Closures can capture variables:
- by reference:
&T
- by mutable reference:
&mut T
- by value:
T
They preferentially capture variables by reference and only go lower when
required.
fn main() {
use std::mem;
let color = "green";
// A closure to print `color` which immediately borrows (`&`)
// `color` and stores the borrow and closure in the `print`
// variable. It will remain borrowed until `print` goes out of
// scope. `println!` only requires `by reference` so it doesn't
// impose anything more restrictive.
let print = || println!("`color`: {}", color);
// Call the closure using the borrow.
print();
print();
let mut count = 0;
// A closure to increment `count` could take either `&mut count`
// or `count` but `&mut count` is less restrictive so it takes
// that. Immediately borrows `count`.
//
// A `mut` is required on `inc` because a `&mut` is stored inside.
// Thus, calling the closure mutates the closure which requires
// a `mut`.
let mut inc = || {
count += 1;
println!("`count`: {}", count);
};
// Call the closure.
inc();
inc();
//let reborrow = &mut count;
// ^ TODO: try uncommenting this line.
// A non-copy type.
let movable = Box::new(3);
// `mem::drop` requires `T` so this must take by value. A copy type
// would copy into the closure leaving the original untouched.

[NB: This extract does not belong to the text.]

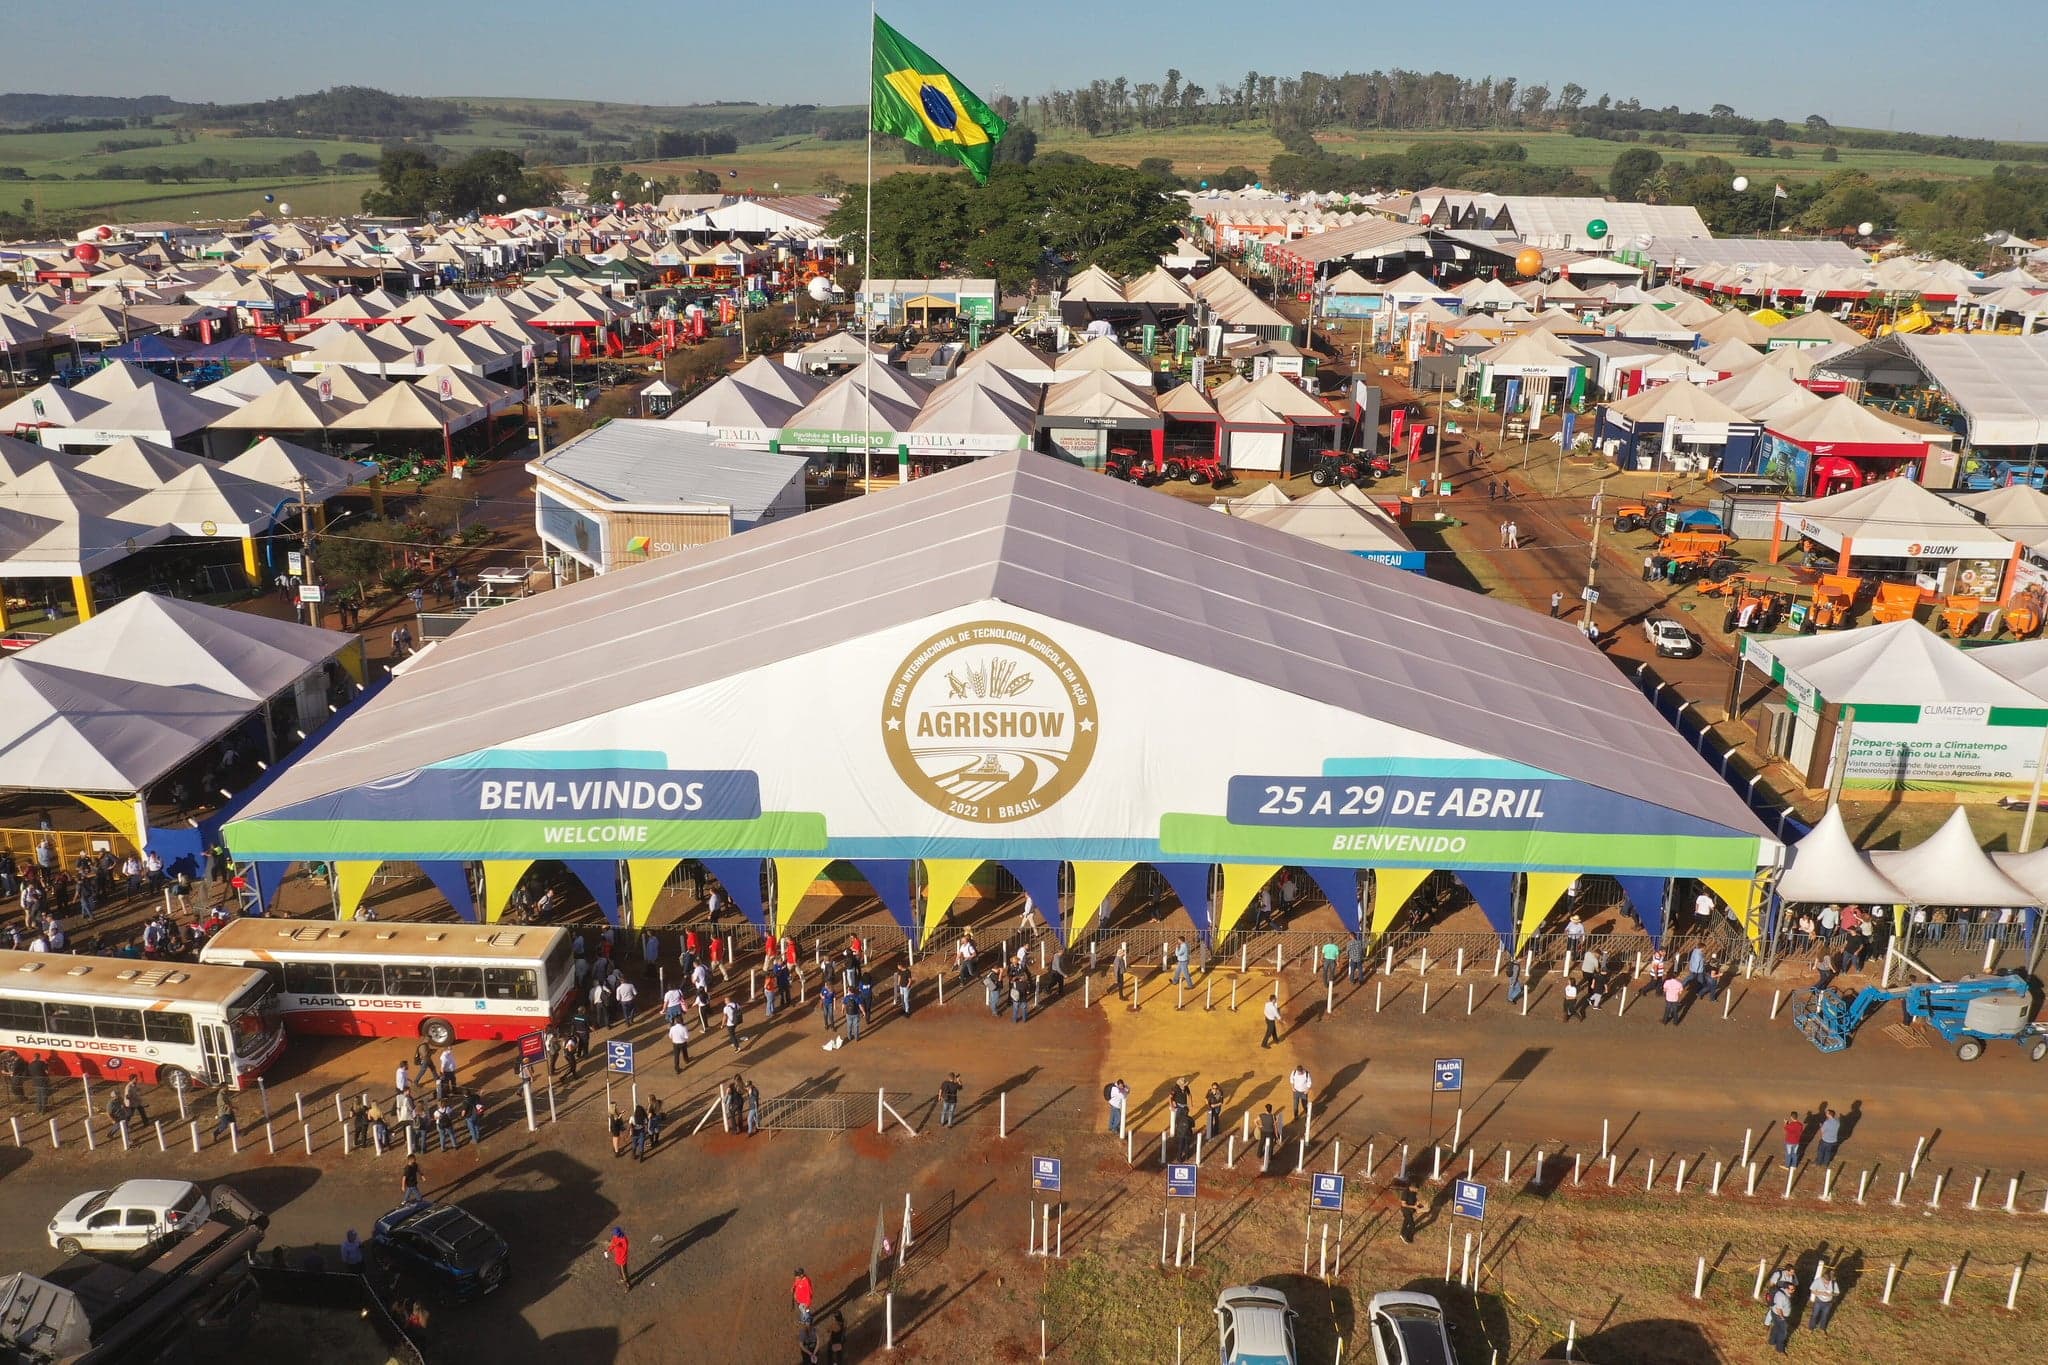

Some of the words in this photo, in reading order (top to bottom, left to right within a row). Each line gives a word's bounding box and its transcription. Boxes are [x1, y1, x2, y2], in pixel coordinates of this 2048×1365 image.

// A non-copy must move and so `movable` immediately moves into
// the closure.
let consume = || {
println!("`movable`: {:?}", movable);
mem::drop(movable);
};
// `consume` consumes the variable so this can only be called once.
consume();
//consume();
// ^ TODO: Try uncommenting this line.
}
Using move
before vertical pipes forces closure
to take ownership of captured variables:
fn main() {
// `Vec` has non-copy semantics.
let haystack = vec![1, 2, 3];
let contains = move |needle| haystack.contains(needle);
println!("{}", contains(&1));
println!("{}", contains(&4));
// `println!("There're {} elements in vec", haystack.len());`
// ^ Uncommenting above line will result in compile-time error
// because borrow checker doesn't allow re-using variable after it
// has been moved.
// Removing `move` from closure's signature will cause closure
// to borrow _haystack_ variable immutably, hence _haystack_ is still
// available and uncommenting above line will not cause an error.